In [1]:
#Imports for artificial neural network
import matplotlib.pyplot as plt
import numpy as np
import pandas as pd
from sklearn.model_selection import train_test_split, GridSearchCV
from sklearn.neural_network import MLPClassifier
from sklearn.metrics import confusion_matrix, accuracy_score
from sklearn.ensemble import RandomForestClassifier
from sklearn import tree


np.random.seed(42)  #Seed is necessary to ensure consistent replication of results

df = pd.read_csv('data.csv')

In [2]:
#Now build decision tree classifiers
def data_info():
    df.info()
    null_counts = df.isnull().sum()
    null_columns = null_counts[null_counts > 0]
    return df.describe().transpose()

df.isnull().sum().sum()

Y=df["Bankrupt?"]
X=df.drop(["Bankrupt?"],axis=1)

from sklearn.ensemble import RandomForestClassifier
rf=RandomForestClassifier()
rf.fit(X,Y)

importance_features = rf.feature_importances_
important_features_df = pd.DataFrame({'Feature': X.columns, 'Importance': importance_features})
important_features_df_desc =important_features_df.sort_values(by='Importance', ascending=False)
important_features_df_asc =important_features_df.sort_values(by='Importance', ascending=True)
important_features_df_desc.head(40)
required = important_features_df_desc[important_features_df_desc.Importance>0.0105]
required_features = df[required.Feature]  
correlation_matrix = df.corr()
target_corr = correlation_matrix["Bankrupt?"].abs().sort_values(ascending=False)
target_corr = target_corr.drop("Bankrupt?")
selected_features = target_corr[target_corr>=0.1]
selected_columns = list(selected_features.index)
df_selected = df[selected_columns]
actual_corr = correlation_matrix["Bankrupt?"][selected_features.index]
positive_corr = actual_corr[actual_corr >= 0].sort_values(ascending=False)
negative_corr = actual_corr[actual_corr < 0].sort_values(ascending=True)
sorted_correlations = pd.concat([positive_corr, negative_corr])

import seaborn as sns

selexted_X = df_selected
selected_y = df["Bankrupt?"]
X_train,X_test,y_train,y_test = train_test_split(selexted_X,selected_y,test_size = 0.2,random_state=42)

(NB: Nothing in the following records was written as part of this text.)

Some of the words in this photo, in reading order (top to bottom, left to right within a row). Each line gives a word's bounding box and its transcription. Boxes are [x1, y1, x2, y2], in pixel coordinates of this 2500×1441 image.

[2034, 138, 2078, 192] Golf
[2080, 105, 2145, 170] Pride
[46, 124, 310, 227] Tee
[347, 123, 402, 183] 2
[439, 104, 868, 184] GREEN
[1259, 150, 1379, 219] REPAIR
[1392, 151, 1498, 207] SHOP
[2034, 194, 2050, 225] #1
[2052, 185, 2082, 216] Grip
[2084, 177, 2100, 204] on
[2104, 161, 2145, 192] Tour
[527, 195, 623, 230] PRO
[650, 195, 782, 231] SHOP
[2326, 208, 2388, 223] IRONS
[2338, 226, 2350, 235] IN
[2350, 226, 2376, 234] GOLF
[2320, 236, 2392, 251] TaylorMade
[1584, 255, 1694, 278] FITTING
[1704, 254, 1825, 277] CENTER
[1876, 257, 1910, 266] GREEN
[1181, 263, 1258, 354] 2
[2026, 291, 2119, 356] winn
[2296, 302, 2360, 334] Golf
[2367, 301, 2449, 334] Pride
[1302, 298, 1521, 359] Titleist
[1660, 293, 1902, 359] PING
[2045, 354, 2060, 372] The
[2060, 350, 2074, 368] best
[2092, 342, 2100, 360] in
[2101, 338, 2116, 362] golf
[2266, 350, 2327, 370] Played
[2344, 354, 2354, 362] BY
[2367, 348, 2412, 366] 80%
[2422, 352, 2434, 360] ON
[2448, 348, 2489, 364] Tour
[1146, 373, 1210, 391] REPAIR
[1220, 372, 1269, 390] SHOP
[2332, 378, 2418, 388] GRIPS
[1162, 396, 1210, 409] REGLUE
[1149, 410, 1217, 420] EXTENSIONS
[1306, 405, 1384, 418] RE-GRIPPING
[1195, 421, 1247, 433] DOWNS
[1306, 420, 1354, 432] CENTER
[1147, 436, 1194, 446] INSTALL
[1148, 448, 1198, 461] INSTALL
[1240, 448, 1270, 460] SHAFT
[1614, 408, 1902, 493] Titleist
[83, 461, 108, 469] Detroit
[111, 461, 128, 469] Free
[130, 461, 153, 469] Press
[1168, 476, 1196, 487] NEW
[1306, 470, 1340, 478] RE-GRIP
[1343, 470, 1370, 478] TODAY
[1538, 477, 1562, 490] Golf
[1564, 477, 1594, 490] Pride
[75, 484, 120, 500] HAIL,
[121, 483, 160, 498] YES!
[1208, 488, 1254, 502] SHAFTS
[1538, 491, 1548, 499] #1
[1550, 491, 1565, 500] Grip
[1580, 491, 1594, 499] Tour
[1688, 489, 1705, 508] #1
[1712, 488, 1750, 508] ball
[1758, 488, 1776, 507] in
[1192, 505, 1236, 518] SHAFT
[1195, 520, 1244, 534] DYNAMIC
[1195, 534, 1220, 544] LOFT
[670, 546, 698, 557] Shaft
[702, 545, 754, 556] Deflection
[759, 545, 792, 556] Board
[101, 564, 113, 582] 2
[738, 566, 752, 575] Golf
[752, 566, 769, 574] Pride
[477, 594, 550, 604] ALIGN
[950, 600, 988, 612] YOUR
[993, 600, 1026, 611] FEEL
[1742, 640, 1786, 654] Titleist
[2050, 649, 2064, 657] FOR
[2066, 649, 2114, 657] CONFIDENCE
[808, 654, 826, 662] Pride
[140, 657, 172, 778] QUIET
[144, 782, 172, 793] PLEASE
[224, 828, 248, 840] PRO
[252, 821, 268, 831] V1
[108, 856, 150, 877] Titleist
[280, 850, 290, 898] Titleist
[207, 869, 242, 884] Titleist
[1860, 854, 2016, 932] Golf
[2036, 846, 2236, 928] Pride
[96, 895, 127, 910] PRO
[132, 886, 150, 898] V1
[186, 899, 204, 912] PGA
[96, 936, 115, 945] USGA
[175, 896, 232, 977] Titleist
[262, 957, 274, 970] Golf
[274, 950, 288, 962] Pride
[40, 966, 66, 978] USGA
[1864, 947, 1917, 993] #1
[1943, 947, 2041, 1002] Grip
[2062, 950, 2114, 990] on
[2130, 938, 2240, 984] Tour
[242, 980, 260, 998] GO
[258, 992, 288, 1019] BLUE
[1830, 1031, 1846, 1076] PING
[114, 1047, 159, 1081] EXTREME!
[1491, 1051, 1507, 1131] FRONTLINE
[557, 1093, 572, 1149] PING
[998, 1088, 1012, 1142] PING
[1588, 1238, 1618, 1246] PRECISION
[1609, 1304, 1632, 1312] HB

from sklearn.model_selection import GridSearchCV
params = {
    'max_depth': [2, 3, 5, 10, 20],
    'min_samples_leaf': [10, 15, 20, 50, 100],
    'criterion': ["gini", "entropy"]
}

from sklearn.tree import DecisionTreeClassifier

dt_classifier = DecisionTreeClassifier(max_depth =5,min_samples_split = 20,random_state=42)
grid_search_dt = GridSearchCV(estimator=dt_classifier, 
                           param_grid=params, 
                           cv=4, n_jobs=-1, verbose=1, scoring = "accuracy")

grid_search_dt.fit(X_train,y_train)

grid_search_dt.best_estimator_

best_dt = grid_search_dt.best_estimator_

dt_train_pred = best_dt.predict(X_train)
dt_test_pred = best_dt.predict(X_test)

tree_info = best_dt.tree_
num_nodes = tree_info.node_count
num_leaves = tree_info.n_leaves
num_decision = num_nodes - num_leaves

rf_classifier = RandomForestClassifier(random_state=42)
grid_search_rf = GridSearchCV(estimator=rf_classifier, 
                           param_grid=params, 
                           cv=4, n_jobs=-1, verbose=1, scoring = "accuracy")

grid_search_rf.fit(X_train,y_train)


grid_search_rf.best_estimator_

best_rf = grid_search_rf.best_estimator_

y_train_pred = best_rf.predict(X_train)
y_test_pred = best_rf.predict(X_test)

#Classifier 1
classifier1 = pd.DataFrame(y_train_pred, index=X_train.index, columns=['Random Forest'])

#classifier 1a
classifier1a = pd.DataFrame(y_test_pred, index=X_test.index, columns=['Random Forest'])

Fitting 4 folds for each of 50 candidates, totalling 200 fits
Fitting 4 folds for each of 50 candidates, totalling 200 fits


In [3]:
#Additional imports for linear regression model
import statsmodels.api as sm
from tqdm import tqdm
from sklearn.metrics import mean_squared_error

target = 'Bankrupt?'
predictors = [col for col in df.columns if col != target]

#forward selection
def forward_selection (df, target, predictors):
    features = []
    best_features = []
    while True: 
        features_left = list(set(predictors) - set(features))
        new_val = pd.Series(index = features_left)
        for new_col in tqdm(features_left, desc="Processing Columns"):
            model = sm.OLS(df[target], sm.add_constant(df[features + [new_col]])).fit()
            new_val[new_col] = model.pvalues[new_col]
        min_p_value = new_val.min()
        if min_p_value < 0.05:
            best_feature = new_val.idxmin()
            features.append(best_feature)
            best_features.append(best_feature)
        else:
            break
        return best_features

best_predictors = forward_selection(df, target, list(X_train.columns))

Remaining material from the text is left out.